→ **What the exercise asks**: A faithful, word-for-word copy of the data below is required, without pictures.

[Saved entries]

# # # # #

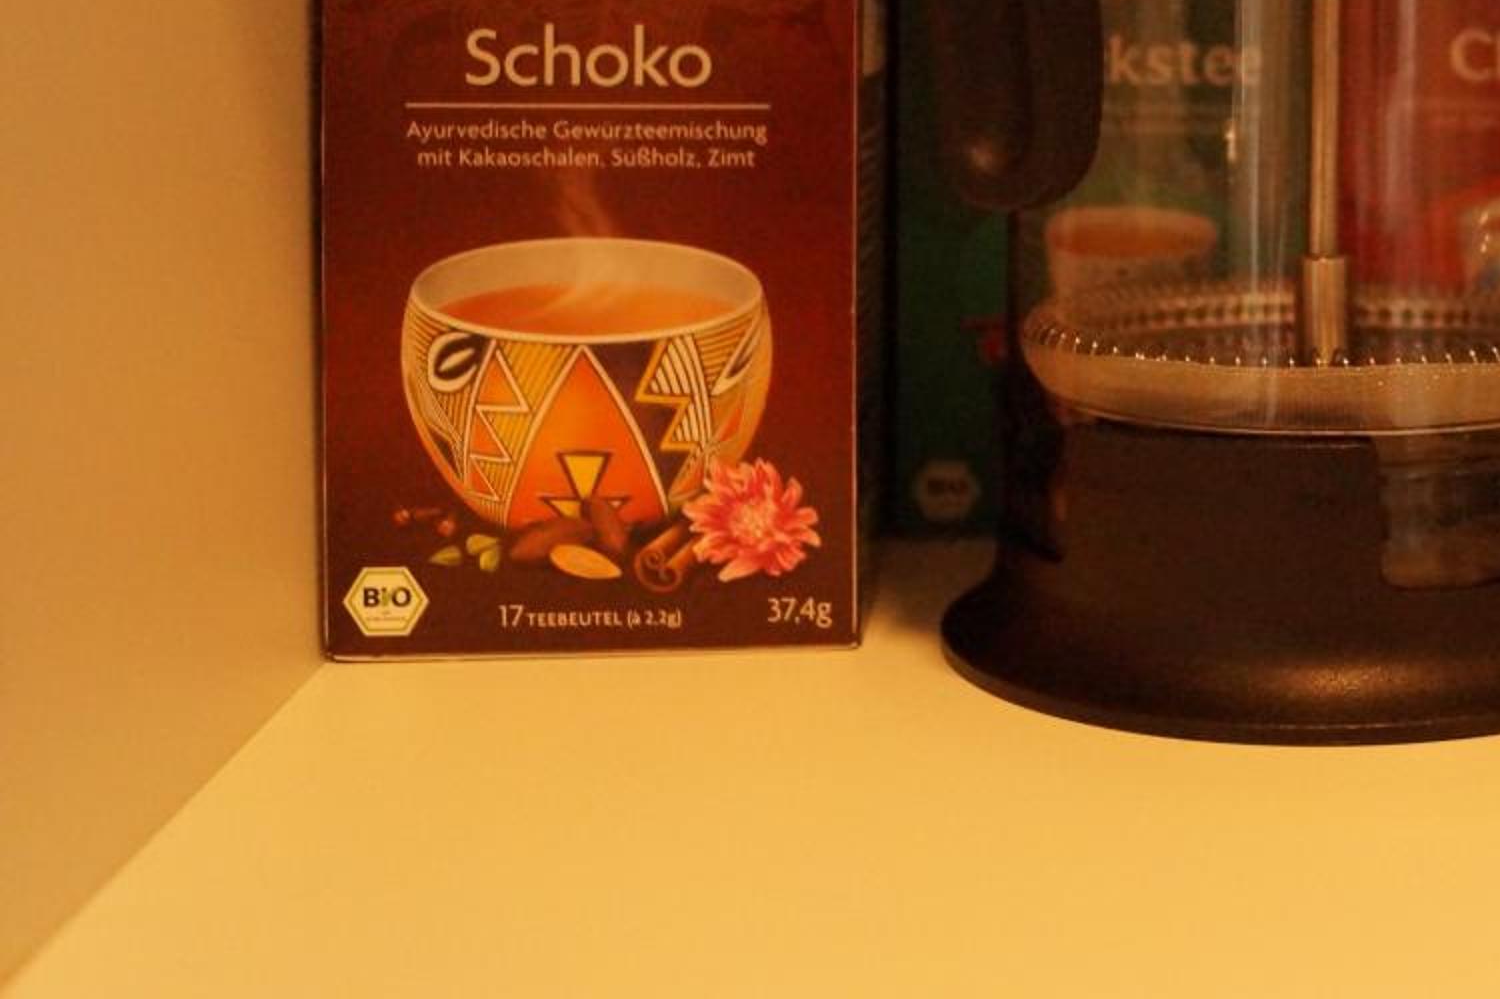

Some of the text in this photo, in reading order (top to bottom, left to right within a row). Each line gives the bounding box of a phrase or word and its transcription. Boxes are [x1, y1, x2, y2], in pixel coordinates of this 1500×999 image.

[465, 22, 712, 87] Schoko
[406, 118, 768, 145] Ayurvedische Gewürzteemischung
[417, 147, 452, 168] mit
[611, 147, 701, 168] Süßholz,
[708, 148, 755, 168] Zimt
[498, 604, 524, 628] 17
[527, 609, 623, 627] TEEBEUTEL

# # # # #

→ **Finished task**:
Some of the text in this photo, in reading order (top to bottom, left to right within a row). Each line gives the bounding box of a phrase or word and its transcription. Boxes are [x1, y1, x2, y2], in pixel coordinates of this 1500×999 image.

[465, 22, 712, 87] Schoko
[406, 118, 768, 145] Ayurvedische Gewürzteemischung
[417, 147, 452, 168] mit
[611, 147, 701, 168] Süßholz,
[708, 148, 755, 168] Zimt
[498, 604, 524, 628] 17
[527, 609, 623, 627] TEEBEUTEL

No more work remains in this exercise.